The danger is not only scientific confusion. It is the erosion of trust. Public health depends on people believing that recommendations are based on rigorous evidence rather than political instinct, personal suspicion, or ideological preference. Once that trust begins to break down, every official statement becomes suspect. People stop asking, “What does the evidence show?” and start asking, “Who is trying to manipulate me?” In that environment, even accurate guidance becomes harder to deliver.

Free speech is vital, including for public officials. But responsibility is vital too. A health secretary has every right to ask questions, commission studies, and demand better data. But when speaking publicly about pregnancy, medication, children, and autism, the burden is higher than curiosity. The standard cannot be dramatic possibility. It must be evidence strong enough to justify the fear being created.

That is especially true in a country where medical misinformation can spread faster than careful correction. One speculative remark can travel through social media stripped of nuance, transformed into certainty, and repeated until it feels like common knowledge. By the time scientists explain the limitations, many families may already have absorbed the fear. Some may make health decisions based on it. Others may blame themselves for choices made years earlier under medical advice that was considered appropriate at the time.

The moral issue, then, is not whether officials should investigate possible risks. They should. The issue is how they speak before the evidence is clear. Leadership in public health requires discipline: naming uncertainty without inflaming panic, protecting families from both hidden risks and exaggerated claims, and remembering that every statement lands in the lives of real people.

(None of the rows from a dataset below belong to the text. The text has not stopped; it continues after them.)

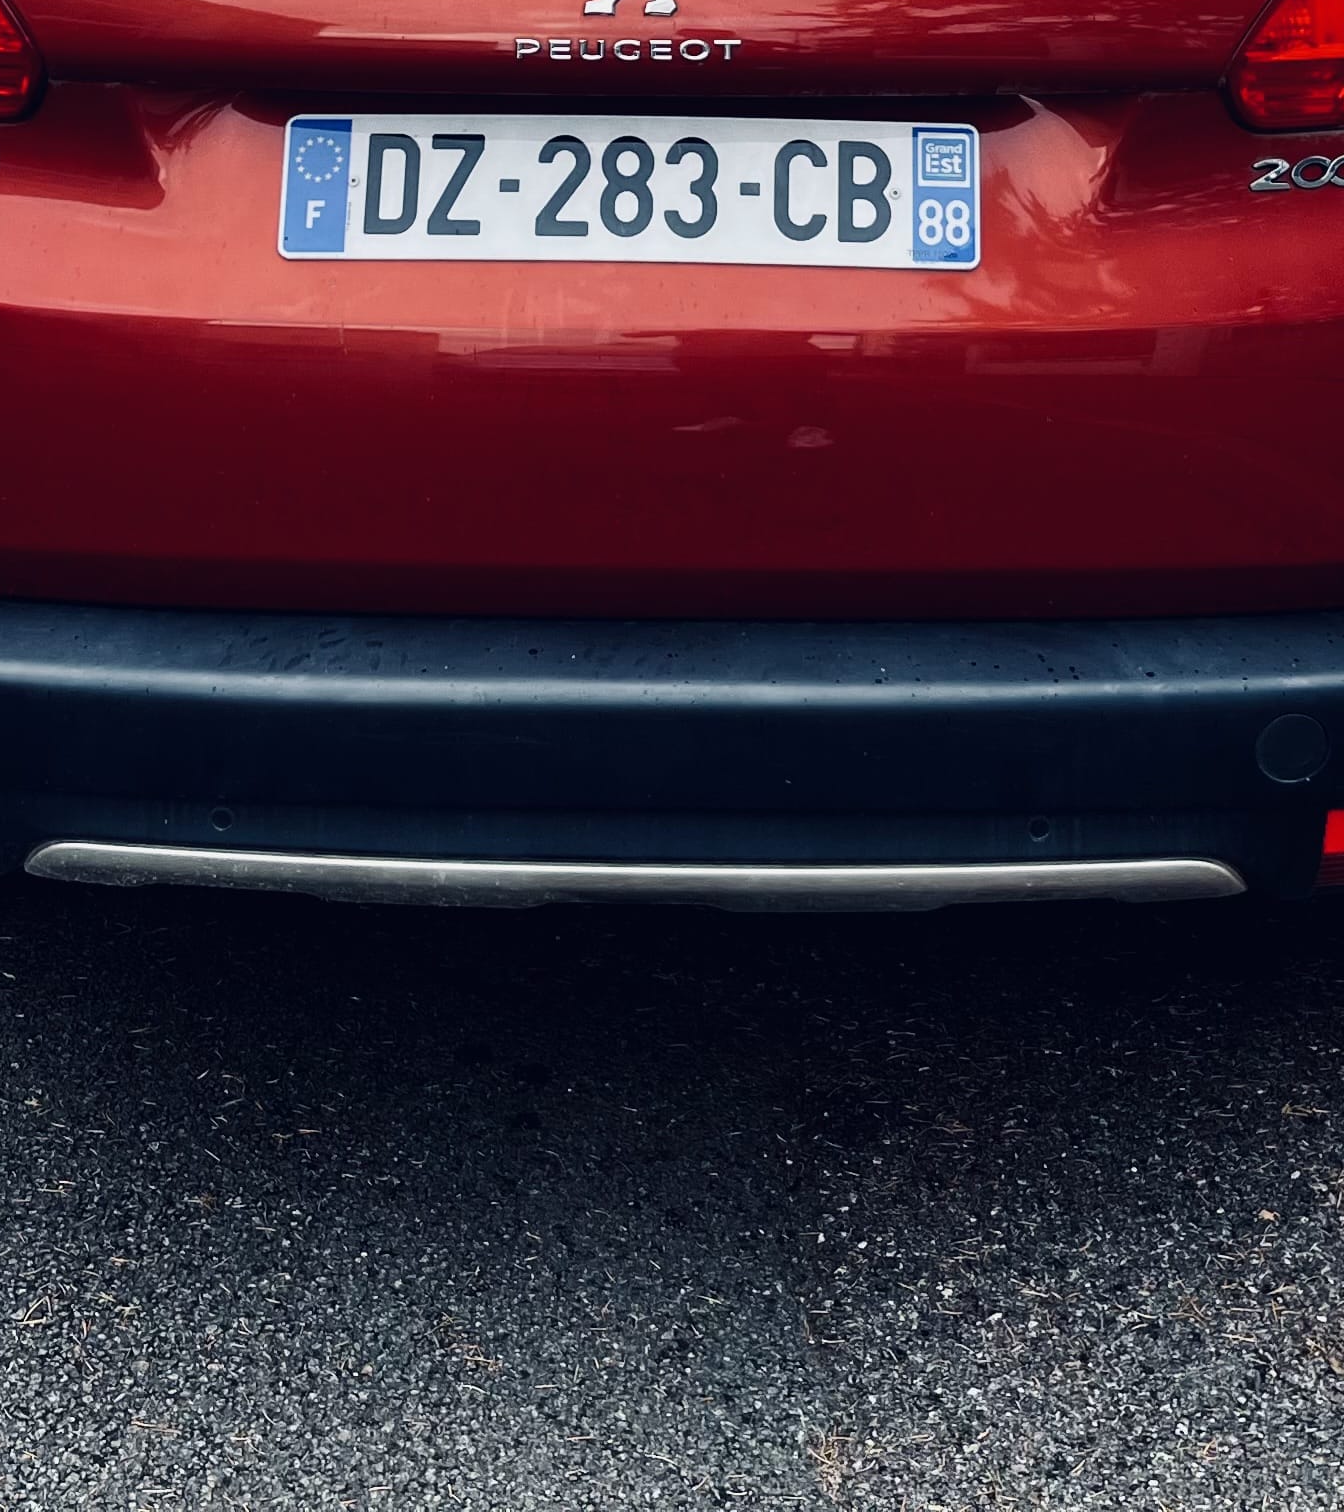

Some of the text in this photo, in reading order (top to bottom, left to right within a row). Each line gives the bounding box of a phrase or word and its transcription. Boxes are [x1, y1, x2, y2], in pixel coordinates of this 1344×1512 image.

[515, 38, 742, 61] PEUGEOT
[924, 142, 963, 155] Grand
[924, 154, 963, 174] Est
[363, 133, 893, 244] DZ-283-CB
[305, 199, 326, 230] F
[918, 198, 971, 247] 88

Kennedy’s remarks have therefore become about more than Tylenol, autism, or one controversy. They are part of a larger test of whether health institutions can remain grounded in evidence during an era of mistrust. Parents deserve guidance that is honest without being reckless. Autistic people deserve language that respects their humanity rather than treating their existence as a policy failure. Doctors deserve public officials who strengthen, not undermine, the fragile trust required for medical care.

When words from the powerful can change how millions think about pregnancy, pain, disability, and children, evidence is not a luxury. It is the foundation of ethical leadership. In public health, speculation may be politically useful, but proof is what protects people.